### Task to carry out
The lines to find are those in the entries that hold the word "Boiteux"; copy every one of them.

### Entries shown
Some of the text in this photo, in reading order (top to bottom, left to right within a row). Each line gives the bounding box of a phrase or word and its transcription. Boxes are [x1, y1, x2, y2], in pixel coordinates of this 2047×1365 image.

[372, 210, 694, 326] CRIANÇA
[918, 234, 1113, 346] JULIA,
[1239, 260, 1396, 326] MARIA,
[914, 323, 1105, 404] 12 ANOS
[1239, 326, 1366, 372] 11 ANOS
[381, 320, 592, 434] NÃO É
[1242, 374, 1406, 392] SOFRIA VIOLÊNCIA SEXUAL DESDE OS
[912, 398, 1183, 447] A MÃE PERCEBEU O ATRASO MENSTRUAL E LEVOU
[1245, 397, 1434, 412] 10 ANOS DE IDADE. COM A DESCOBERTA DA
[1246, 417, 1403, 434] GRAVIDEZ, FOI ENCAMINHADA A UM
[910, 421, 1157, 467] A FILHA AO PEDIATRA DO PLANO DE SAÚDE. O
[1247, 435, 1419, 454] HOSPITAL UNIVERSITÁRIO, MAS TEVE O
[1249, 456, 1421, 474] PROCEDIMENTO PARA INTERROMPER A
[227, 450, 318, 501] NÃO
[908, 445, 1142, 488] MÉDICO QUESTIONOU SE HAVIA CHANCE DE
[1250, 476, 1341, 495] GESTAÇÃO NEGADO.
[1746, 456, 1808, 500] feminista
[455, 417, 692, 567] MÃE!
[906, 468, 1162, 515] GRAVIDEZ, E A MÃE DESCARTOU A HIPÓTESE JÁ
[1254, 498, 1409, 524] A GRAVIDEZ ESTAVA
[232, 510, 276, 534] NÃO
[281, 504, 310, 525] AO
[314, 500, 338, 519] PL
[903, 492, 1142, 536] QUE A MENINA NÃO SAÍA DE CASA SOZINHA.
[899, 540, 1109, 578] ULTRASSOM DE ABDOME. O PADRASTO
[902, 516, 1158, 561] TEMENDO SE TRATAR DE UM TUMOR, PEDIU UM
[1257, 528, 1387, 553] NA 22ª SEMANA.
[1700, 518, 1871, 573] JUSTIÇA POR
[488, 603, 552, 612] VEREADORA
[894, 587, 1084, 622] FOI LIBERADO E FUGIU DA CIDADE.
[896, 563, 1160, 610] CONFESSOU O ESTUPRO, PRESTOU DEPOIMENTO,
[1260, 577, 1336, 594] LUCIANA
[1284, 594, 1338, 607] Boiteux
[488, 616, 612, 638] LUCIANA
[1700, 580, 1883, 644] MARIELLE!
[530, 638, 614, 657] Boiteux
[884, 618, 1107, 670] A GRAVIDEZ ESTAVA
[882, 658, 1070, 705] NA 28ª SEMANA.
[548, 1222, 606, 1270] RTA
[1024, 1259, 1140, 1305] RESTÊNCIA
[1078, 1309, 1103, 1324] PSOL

### Response area
[1284, 594, 1338, 607] Boiteux
[530, 638, 614, 657] Boiteux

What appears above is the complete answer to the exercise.